Jetzt handeln und Drogenkrise verhindern
Prof. Dr. Hendrik Streeck: „Wir müssen schneller, systematischer und konsequenter reagieren auf neue, immer gefährlichere Drogen.“
Im Jahr 2024 sind in Deutschland 2.137 Menschen an den Folgen ihres Konsums illegaler Drogen verstorben. Das sind nur 90 Fällen weniger als im Vorjahr und daher weiterhin ein sehr hoher Wert. Darin zeichnet sich ein besorgniserregender Anstieg der Todesfälle bei jungen Konsumierenden unter 30 Jahren von 14 Prozent ab, ein sprunghafter Zuwachs an Todesfällen in Verbindung mit synthetischen Opioiden und Neuen Psychoaktiven Stoffen sowie eine wachsende Zahl von Mischkonsumenten. Die Dynamik auf dem Drogenmarkt nehme gefährlich Fahrt auf, sagte der Beauftragte der Bundesregierung für Sucht- und Drogenfragen Prof. Hendrik Streeck.
„Wir erleben eine quasi pandemische Dynamik, die wir schon kennen: Einzelne Ausbrüche, neue Substanzen, schnelle Verbreitung, lückenhafte Datenlage – und ein System, das zu träge ist, um rechtzeitig zu reagieren“, erklärt Prof.
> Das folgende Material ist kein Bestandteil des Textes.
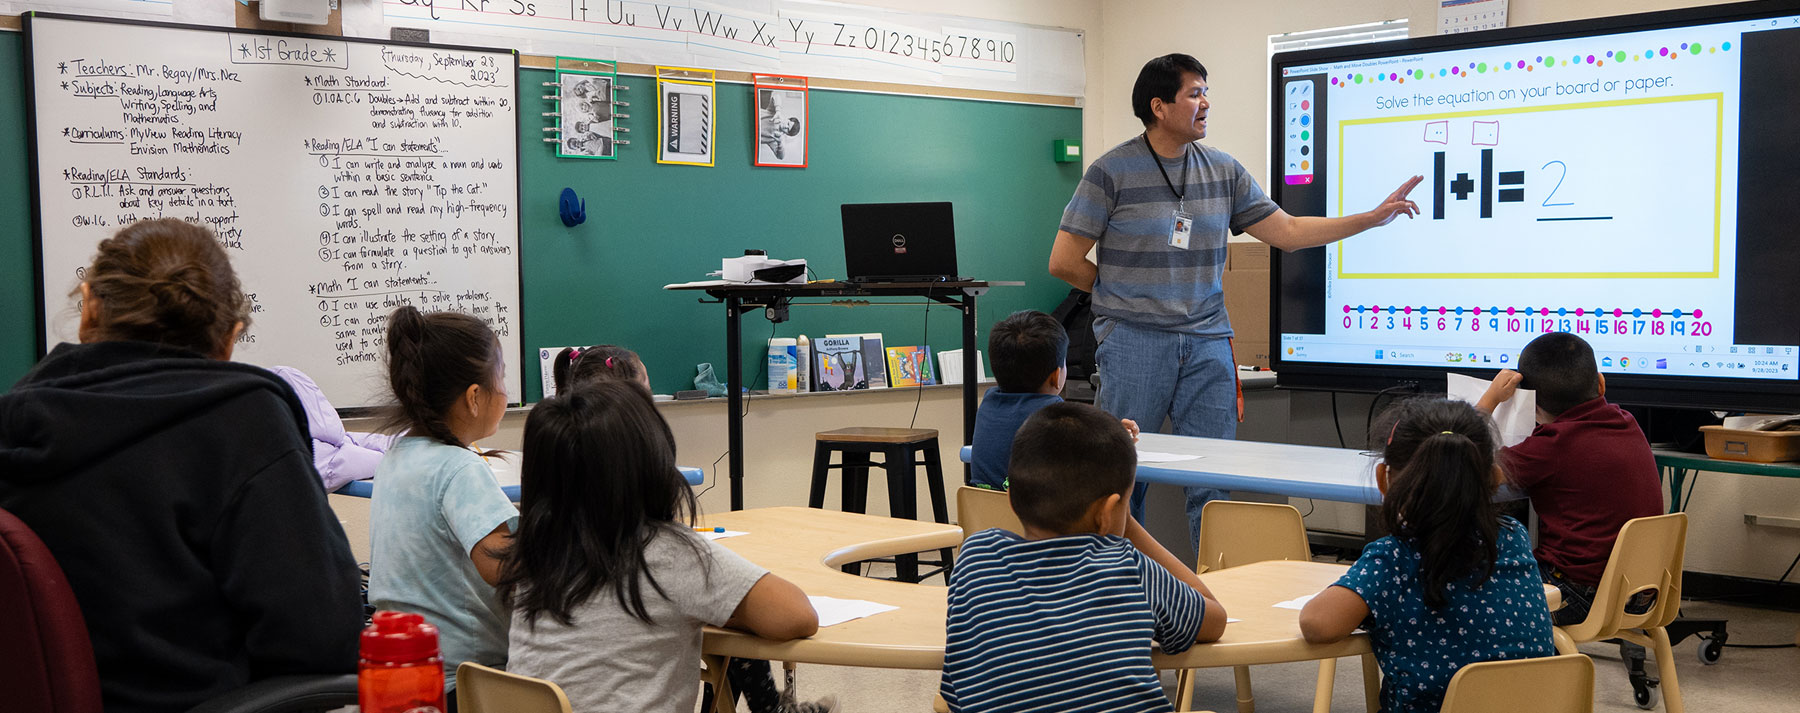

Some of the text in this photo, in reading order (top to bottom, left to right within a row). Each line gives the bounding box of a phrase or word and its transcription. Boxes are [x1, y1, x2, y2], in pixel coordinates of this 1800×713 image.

Dr. Hendrik Streeck, Beauftragter der Bundesregierung für Sucht- und Drogenfragen bei der Vorstellung der neuen Drogentotenzahlen im Berliner Vivantes Klinikum „Am Urban“. „Wenn wir nicht aufpassen, verschärft sich diese Entwicklung in wenigen Jahren zu einer Krise mit massiven gesundheitlichen und gesellschaftlichen Folgen.“
Besonders dramatisch sei: Noch nie wurden bei Verstorbenen so viele unterschiedliche Substanzen toxikologisch nachgewiesen wie im vergangenen Jahr. Noch nie war Mischkonsum so prävalent – und noch nie waren synthetische Opioide wie etwa Fentanyl bei so vielen Todesfällen gefunden worden (342 Fälle, rund 16 Prozent). Die Zahl der Todesfälle an denen andere Neue Psychoaktive Stoffe beteiligt waren, stieg um mehr als 70 Prozent auf 154. Dies deckt sich mit internationalen Erkenntnissen – insbesondere in Nordamerika.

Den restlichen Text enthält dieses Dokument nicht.